_Exercise data:_

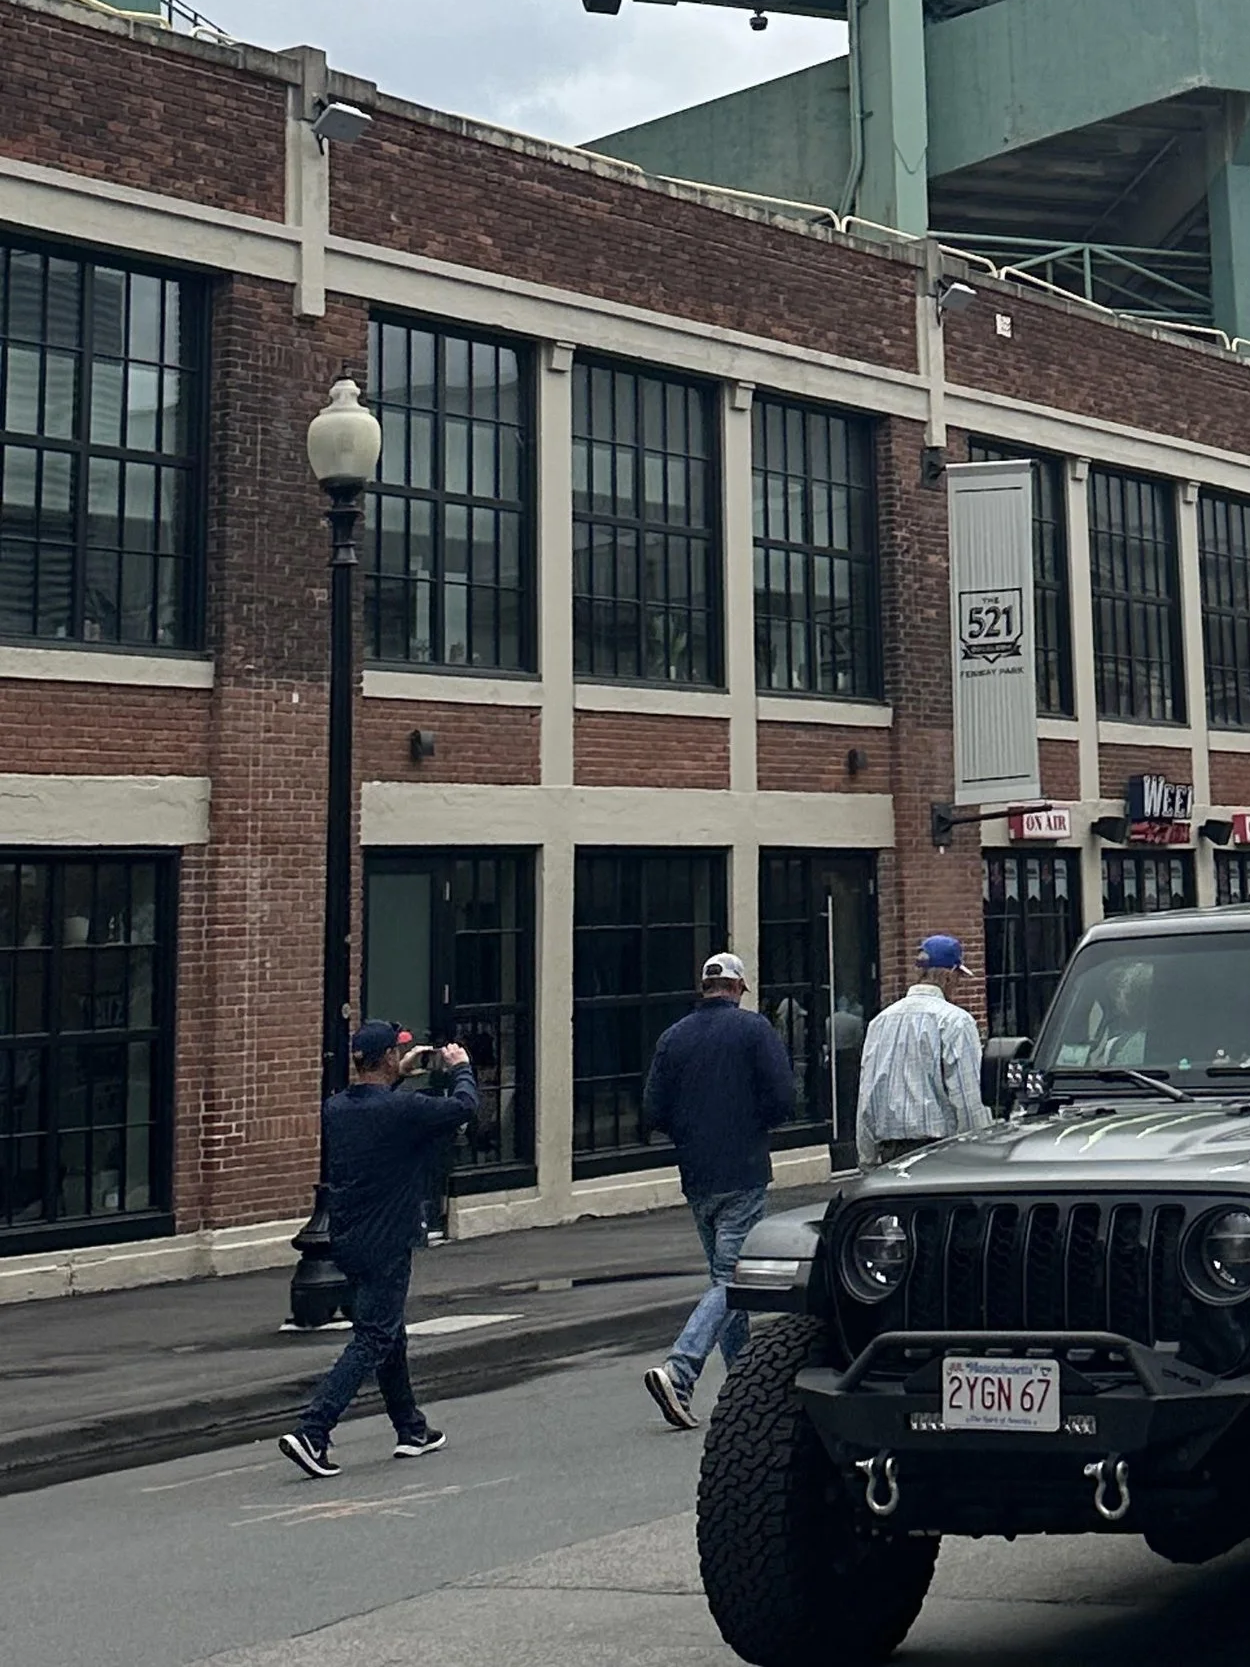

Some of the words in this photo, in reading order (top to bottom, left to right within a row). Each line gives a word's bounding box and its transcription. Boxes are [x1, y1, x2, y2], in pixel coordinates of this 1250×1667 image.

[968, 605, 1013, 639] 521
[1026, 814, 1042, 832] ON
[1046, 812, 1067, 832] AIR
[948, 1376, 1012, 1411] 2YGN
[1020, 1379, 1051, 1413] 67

_Required work:_ With images omitted, retype the data word for word.

_Your response:_
Some of the words in this photo, in reading order (top to bottom, left to right within a row). Each line gives a word's bounding box and its transcription. Boxes are [x1, y1, x2, y2], in pixel coordinates of this 1250×1667 image.

[968, 605, 1013, 639] 521
[1026, 814, 1042, 832] ON
[1046, 812, 1067, 832] AIR
[948, 1376, 1012, 1411] 2YGN
[1020, 1379, 1051, 1413] 67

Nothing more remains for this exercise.